ビジネスモデルありき、儲けありき、上場ありき——そんな時代はとっくに終わっているのですから。
「100年続く企業」を目指して、人と不動産のより幸せな関係を次世代へ
私はこれまで不動産を通じて、たくさんの「人の人生」と向き合ってきました。
そして気づいたのは、「住まい」は単なるモノではなく、人の幸せや豊かさの基盤そのものだということです。
だからこそ、不動産の世界に携わる者が、その価値を長く守り、育てていく責任があります。この想いを次の世代へとつなぐために、私は今、さくら事務所を“100年続く企業”にしたいと考えています。

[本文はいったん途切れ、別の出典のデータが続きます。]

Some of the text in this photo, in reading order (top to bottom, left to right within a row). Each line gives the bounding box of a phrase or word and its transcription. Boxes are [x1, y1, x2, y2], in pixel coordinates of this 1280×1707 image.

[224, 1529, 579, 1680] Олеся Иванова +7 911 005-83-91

とはいえ、「100年続く」こと自体が目的ではありません。
企業が長く存続することよりも、「なぜ存在するのか」を問い続け、社会に必要とされ続けること——そこに本当の意味があります。
日本の不動産業界はいまだに、高度成長期の成功体験を引きずっています。
あの頃は、人口増加の勢いを背景に、“造っては壊す”ことが正義の時代でした。
しかし2005年を境に人口は減少へと転じ、少子化・高齢化が進む中、当時のやり方ではもはや通用しません。

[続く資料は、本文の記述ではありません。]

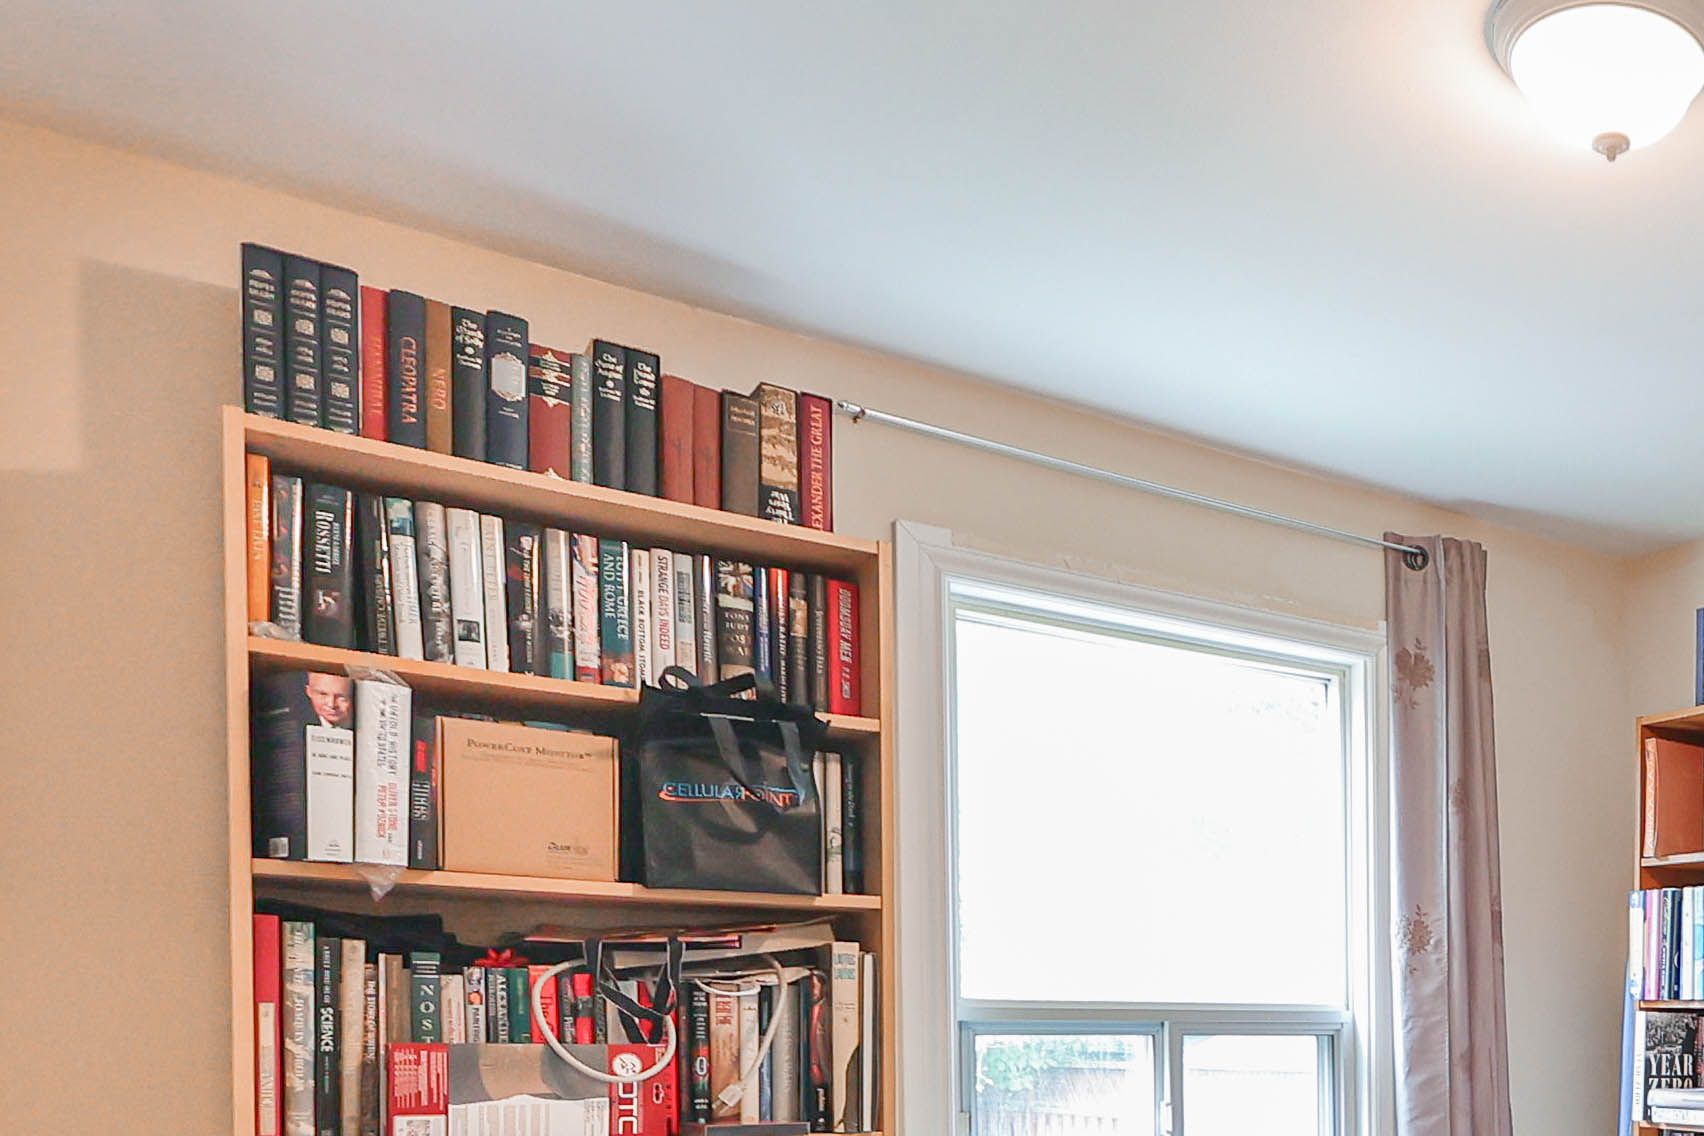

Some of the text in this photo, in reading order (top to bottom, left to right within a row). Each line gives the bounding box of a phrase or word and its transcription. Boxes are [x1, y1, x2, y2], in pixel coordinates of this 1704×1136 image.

[400, 336, 417, 424] CLEOPATRA
[432, 368, 446, 410] NERO
[810, 404, 824, 467] GREAT THE
[314, 511, 335, 574] ROSSETTI
[603, 553, 617, 618] AND ROME
[657, 555, 670, 650] STRANGE DAYS INDEED
[637, 618, 645, 652] BOTTOM
[320, 1007, 335, 1033] SCIENCE

創業から25年以上経った今でも、課題は山積しています。
・住宅取引における“情報の非対称性”
・ホームインスペクション(住宅診断)の未普及
・中古住宅市場の流通停滞
・両手取引・囲い込みなどの構造的問題
・生活者の安心が置き去りにされた市場構造
・業界全体の信頼低下と人材の誇り喪失
・政策・制度の遅れ
これらを放置すれば、住宅は「資産」ではなく「リスク」へと変わってしまう。
住宅が、人の寿命よりも長く、社会の「資産」として残り続けることを目指して。
さくら事務所が提供しているサービスは、住宅の価値を真に高めるための社会インフラにならなければいけません。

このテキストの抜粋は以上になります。